Start of Supplied data

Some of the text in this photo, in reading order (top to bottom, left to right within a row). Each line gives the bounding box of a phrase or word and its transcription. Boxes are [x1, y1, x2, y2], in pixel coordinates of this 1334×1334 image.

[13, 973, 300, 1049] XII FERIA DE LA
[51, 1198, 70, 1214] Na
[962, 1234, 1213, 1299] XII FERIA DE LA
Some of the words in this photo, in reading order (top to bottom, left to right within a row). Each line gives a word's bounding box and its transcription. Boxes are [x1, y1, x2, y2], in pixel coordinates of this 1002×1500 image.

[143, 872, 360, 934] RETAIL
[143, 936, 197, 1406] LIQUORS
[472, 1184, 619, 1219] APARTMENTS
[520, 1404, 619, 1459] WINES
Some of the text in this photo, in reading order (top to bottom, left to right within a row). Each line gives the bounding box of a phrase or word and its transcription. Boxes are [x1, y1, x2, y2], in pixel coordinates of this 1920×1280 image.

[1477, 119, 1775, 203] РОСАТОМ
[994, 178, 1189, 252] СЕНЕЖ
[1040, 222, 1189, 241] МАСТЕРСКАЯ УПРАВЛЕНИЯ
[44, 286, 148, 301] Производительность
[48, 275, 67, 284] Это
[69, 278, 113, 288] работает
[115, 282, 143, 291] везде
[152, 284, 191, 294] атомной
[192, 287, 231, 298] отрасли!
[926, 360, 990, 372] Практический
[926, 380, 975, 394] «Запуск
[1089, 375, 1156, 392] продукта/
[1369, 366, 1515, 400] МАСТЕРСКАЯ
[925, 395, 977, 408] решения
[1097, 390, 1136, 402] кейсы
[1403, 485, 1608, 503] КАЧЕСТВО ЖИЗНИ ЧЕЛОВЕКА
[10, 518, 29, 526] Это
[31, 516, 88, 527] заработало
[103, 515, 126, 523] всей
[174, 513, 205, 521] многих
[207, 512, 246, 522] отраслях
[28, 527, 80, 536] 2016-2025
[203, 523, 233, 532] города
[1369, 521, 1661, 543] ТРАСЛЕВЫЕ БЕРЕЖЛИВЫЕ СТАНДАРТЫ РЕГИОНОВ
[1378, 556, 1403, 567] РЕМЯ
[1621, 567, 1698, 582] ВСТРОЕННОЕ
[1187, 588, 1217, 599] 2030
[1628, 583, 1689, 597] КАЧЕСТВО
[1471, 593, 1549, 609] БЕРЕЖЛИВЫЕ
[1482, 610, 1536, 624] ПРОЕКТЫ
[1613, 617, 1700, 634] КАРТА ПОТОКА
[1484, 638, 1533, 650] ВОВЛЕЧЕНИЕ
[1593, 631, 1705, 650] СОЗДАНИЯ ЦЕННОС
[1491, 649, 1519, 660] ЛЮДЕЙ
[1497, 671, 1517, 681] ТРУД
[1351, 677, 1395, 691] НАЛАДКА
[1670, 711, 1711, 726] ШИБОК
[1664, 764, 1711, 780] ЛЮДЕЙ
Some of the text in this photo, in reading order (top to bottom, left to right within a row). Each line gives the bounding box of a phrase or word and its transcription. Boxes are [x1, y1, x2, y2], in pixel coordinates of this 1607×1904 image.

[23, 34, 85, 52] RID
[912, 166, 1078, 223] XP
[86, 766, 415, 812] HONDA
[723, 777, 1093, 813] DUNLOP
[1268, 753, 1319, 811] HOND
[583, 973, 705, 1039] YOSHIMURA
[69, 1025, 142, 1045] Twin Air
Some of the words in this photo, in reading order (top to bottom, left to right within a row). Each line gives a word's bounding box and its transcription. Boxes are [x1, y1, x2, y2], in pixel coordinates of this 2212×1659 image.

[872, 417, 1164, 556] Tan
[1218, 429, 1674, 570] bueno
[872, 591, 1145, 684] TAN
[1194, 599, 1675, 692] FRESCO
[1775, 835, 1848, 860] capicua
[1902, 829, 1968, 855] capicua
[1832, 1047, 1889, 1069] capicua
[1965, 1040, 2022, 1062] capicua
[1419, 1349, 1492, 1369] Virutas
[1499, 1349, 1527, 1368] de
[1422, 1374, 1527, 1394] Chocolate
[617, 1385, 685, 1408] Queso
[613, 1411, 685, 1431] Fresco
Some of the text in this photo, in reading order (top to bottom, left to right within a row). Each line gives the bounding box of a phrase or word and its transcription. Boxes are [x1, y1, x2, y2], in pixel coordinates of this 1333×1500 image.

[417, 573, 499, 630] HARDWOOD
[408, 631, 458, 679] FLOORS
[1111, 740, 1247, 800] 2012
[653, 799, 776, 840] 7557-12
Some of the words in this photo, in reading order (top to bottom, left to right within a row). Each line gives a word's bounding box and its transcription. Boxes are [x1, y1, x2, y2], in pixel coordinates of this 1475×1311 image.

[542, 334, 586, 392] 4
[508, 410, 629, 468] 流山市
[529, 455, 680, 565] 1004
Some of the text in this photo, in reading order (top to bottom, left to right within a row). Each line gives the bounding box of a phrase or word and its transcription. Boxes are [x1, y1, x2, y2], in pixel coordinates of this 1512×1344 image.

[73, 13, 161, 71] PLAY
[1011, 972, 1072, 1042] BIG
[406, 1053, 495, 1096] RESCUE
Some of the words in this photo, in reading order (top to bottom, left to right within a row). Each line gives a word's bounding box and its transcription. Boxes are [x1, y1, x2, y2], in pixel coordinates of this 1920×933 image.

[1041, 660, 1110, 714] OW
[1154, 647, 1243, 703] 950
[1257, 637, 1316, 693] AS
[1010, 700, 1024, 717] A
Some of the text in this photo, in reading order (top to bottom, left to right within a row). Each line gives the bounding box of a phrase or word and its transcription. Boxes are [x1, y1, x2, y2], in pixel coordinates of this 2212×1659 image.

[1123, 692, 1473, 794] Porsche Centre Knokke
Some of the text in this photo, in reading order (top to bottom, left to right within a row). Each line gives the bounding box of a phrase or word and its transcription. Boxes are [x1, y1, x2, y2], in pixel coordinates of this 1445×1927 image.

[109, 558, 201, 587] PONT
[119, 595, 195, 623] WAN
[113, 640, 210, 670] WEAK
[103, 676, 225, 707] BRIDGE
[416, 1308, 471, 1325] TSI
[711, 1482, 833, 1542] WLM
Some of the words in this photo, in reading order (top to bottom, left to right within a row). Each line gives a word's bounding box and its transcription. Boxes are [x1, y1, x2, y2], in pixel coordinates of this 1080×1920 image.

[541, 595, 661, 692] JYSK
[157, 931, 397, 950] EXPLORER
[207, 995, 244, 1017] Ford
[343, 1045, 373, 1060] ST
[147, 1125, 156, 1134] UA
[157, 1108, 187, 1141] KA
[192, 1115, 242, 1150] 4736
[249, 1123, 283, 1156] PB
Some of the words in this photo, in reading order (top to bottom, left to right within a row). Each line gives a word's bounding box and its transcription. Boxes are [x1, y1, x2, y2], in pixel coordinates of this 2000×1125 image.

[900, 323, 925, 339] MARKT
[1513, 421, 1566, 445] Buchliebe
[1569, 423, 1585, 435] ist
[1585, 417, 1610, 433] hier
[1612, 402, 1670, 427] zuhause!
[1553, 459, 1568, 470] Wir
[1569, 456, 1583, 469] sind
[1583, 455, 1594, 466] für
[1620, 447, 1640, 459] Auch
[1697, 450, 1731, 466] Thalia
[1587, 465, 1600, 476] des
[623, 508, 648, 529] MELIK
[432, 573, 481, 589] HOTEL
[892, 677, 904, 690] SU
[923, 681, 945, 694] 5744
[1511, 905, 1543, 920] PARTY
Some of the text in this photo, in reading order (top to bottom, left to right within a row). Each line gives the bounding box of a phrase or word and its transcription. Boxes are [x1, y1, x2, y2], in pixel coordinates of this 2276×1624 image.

End of Supplied data

Each record above is to be given again without any change to its wording.

Some of the text in this photo, in reading order (top to bottom, left to right within a row). Each line gives the bounding box of a phrase or word and its transcription. Boxes are [x1, y1, x2, y2], in pixel coordinates of this 1334×1334 image.

[13, 973, 300, 1049] XII FERIA DE LA
[51, 1198, 70, 1214] Na
[962, 1234, 1213, 1299] XII FERIA DE LA
Some of the words in this photo, in reading order (top to bottom, left to right within a row). Each line gives a word's bounding box and its transcription. Boxes are [x1, y1, x2, y2], in pixel coordinates of this 1002×1500 image.

[143, 872, 360, 934] RETAIL
[143, 936, 197, 1406] LIQUORS
[472, 1184, 619, 1219] APARTMENTS
[520, 1404, 619, 1459] WINES
Some of the text in this photo, in reading order (top to bottom, left to right within a row). Each line gives the bounding box of a phrase or word and its transcription. Boxes are [x1, y1, x2, y2], in pixel coordinates of this 1920×1280 image.

[1477, 119, 1775, 203] РОСАТОМ
[994, 178, 1189, 252] СЕНЕЖ
[1040, 222, 1189, 241] МАСТЕРСКАЯ УПРАВЛЕНИЯ
[44, 286, 148, 301] Производительность
[48, 275, 67, 284] Это
[69, 278, 113, 288] работает
[115, 282, 143, 291] везде
[152, 284, 191, 294] атомной
[192, 287, 231, 298] отрасли!
[926, 360, 990, 372] Практический
[926, 380, 975, 394] «Запуск
[1089, 375, 1156, 392] продукта/
[1369, 366, 1515, 400] МАСТЕРСКАЯ
[925, 395, 977, 408] решения
[1097, 390, 1136, 402] кейсы
[1403, 485, 1608, 503] КАЧЕСТВО ЖИЗНИ ЧЕЛОВЕКА
[10, 518, 29, 526] Это
[31, 516, 88, 527] заработало
[103, 515, 126, 523] всей
[174, 513, 205, 521] многих
[207, 512, 246, 522] отраслях
[28, 527, 80, 536] 2016-2025
[203, 523, 233, 532] города
[1369, 521, 1661, 543] ТРАСЛЕВЫЕ БЕРЕЖЛИВЫЕ СТАНДАРТЫ РЕГИОНОВ
[1378, 556, 1403, 567] РЕМЯ
[1621, 567, 1698, 582] ВСТРОЕННОЕ
[1187, 588, 1217, 599] 2030
[1628, 583, 1689, 597] КАЧЕСТВО
[1471, 593, 1549, 609] БЕРЕЖЛИВЫЕ
[1482, 610, 1536, 624] ПРОЕКТЫ
[1613, 617, 1700, 634] КАРТА ПОТОКА
[1484, 638, 1533, 650] ВОВЛЕЧЕНИЕ
[1593, 631, 1705, 650] СОЗДАНИЯ ЦЕННОС
[1491, 649, 1519, 660] ЛЮДЕЙ
[1497, 671, 1517, 681] ТРУД
[1351, 677, 1395, 691] НАЛАДКА
[1670, 711, 1711, 726] ШИБОК
[1664, 764, 1711, 780] ЛЮДЕЙ
Some of the text in this photo, in reading order (top to bottom, left to right within a row). Each line gives the bounding box of a phrase or word and its transcription. Boxes are [x1, y1, x2, y2], in pixel coordinates of this 1607×1904 image.

[23, 34, 85, 52] RID
[912, 166, 1078, 223] XP
[86, 766, 415, 812] HONDA
[723, 777, 1093, 813] DUNLOP
[1268, 753, 1319, 811] HOND
[583, 973, 705, 1039] YOSHIMURA
[69, 1025, 142, 1045] Twin Air
Some of the words in this photo, in reading order (top to bottom, left to right within a row). Each line gives a word's bounding box and its transcription. Boxes are [x1, y1, x2, y2], in pixel coordinates of this 2212×1659 image.

[872, 417, 1164, 556] Tan
[1218, 429, 1674, 570] bueno
[872, 591, 1145, 684] TAN
[1194, 599, 1675, 692] FRESCO
[1775, 835, 1848, 860] capicua
[1902, 829, 1968, 855] capicua
[1832, 1047, 1889, 1069] capicua
[1965, 1040, 2022, 1062] capicua
[1419, 1349, 1492, 1369] Virutas
[1499, 1349, 1527, 1368] de
[1422, 1374, 1527, 1394] Chocolate
[617, 1385, 685, 1408] Queso
[613, 1411, 685, 1431] Fresco
Some of the text in this photo, in reading order (top to bottom, left to right within a row). Each line gives the bounding box of a phrase or word and its transcription. Boxes are [x1, y1, x2, y2], in pixel coordinates of this 1333×1500 image.

[417, 573, 499, 630] HARDWOOD
[408, 631, 458, 679] FLOORS
[1111, 740, 1247, 800] 2012
[653, 799, 776, 840] 7557-12
Some of the words in this photo, in reading order (top to bottom, left to right within a row). Each line gives a word's bounding box and its transcription. Boxes are [x1, y1, x2, y2], in pixel coordinates of this 1475×1311 image.

[542, 334, 586, 392] 4
[508, 410, 629, 468] 流山市
[529, 455, 680, 565] 1004
Some of the text in this photo, in reading order (top to bottom, left to right within a row). Each line gives the bounding box of a phrase or word and its transcription. Boxes are [x1, y1, x2, y2], in pixel coordinates of this 1512×1344 image.

[73, 13, 161, 71] PLAY
[1011, 972, 1072, 1042] BIG
[406, 1053, 495, 1096] RESCUE
Some of the words in this photo, in reading order (top to bottom, left to right within a row). Each line gives a word's bounding box and its transcription. Boxes are [x1, y1, x2, y2], in pixel coordinates of this 1920×933 image.

[1041, 660, 1110, 714] OW
[1154, 647, 1243, 703] 950
[1257, 637, 1316, 693] AS
[1010, 700, 1024, 717] A
Some of the text in this photo, in reading order (top to bottom, left to right within a row). Each line gives the bounding box of a phrase or word and its transcription. Boxes are [x1, y1, x2, y2], in pixel coordinates of this 2212×1659 image.

[1123, 692, 1473, 794] Porsche Centre Knokke
Some of the text in this photo, in reading order (top to bottom, left to right within a row). Each line gives the bounding box of a phrase or word and its transcription. Boxes are [x1, y1, x2, y2], in pixel coordinates of this 1445×1927 image.

[109, 558, 201, 587] PONT
[119, 595, 195, 623] WAN
[113, 640, 210, 670] WEAK
[103, 676, 225, 707] BRIDGE
[416, 1308, 471, 1325] TSI
[711, 1482, 833, 1542] WLM
Some of the words in this photo, in reading order (top to bottom, left to right within a row). Each line gives a word's bounding box and its transcription. Boxes are [x1, y1, x2, y2], in pixel coordinates of this 1080×1920 image.

[541, 595, 661, 692] JYSK
[157, 931, 397, 950] EXPLORER
[207, 995, 244, 1017] Ford
[343, 1045, 373, 1060] ST
[147, 1125, 156, 1134] UA
[157, 1108, 187, 1141] KA
[192, 1115, 242, 1150] 4736
[249, 1123, 283, 1156] PB
Some of the words in this photo, in reading order (top to bottom, left to right within a row). Each line gives a word's bounding box and its transcription. Boxes are [x1, y1, x2, y2], in pixel coordinates of this 2000×1125 image.

[900, 323, 925, 339] MARKT
[1513, 421, 1566, 445] Buchliebe
[1569, 423, 1585, 435] ist
[1585, 417, 1610, 433] hier
[1612, 402, 1670, 427] zuhause!
[1553, 459, 1568, 470] Wir
[1569, 456, 1583, 469] sind
[1583, 455, 1594, 466] für
[1620, 447, 1640, 459] Auch
[1697, 450, 1731, 466] Thalia
[1587, 465, 1600, 476] des
[623, 508, 648, 529] MELIK
[432, 573, 481, 589] HOTEL
[892, 677, 904, 690] SU
[923, 681, 945, 694] 5744
[1511, 905, 1543, 920] PARTY
Some of the text in this photo, in reading order (top to bottom, left to right within a row). Each line gives the bounding box of a phrase or word and its transcription. Boxes are [x1, y1, x2, y2], in pixel coordinates of this 2276×1624 image.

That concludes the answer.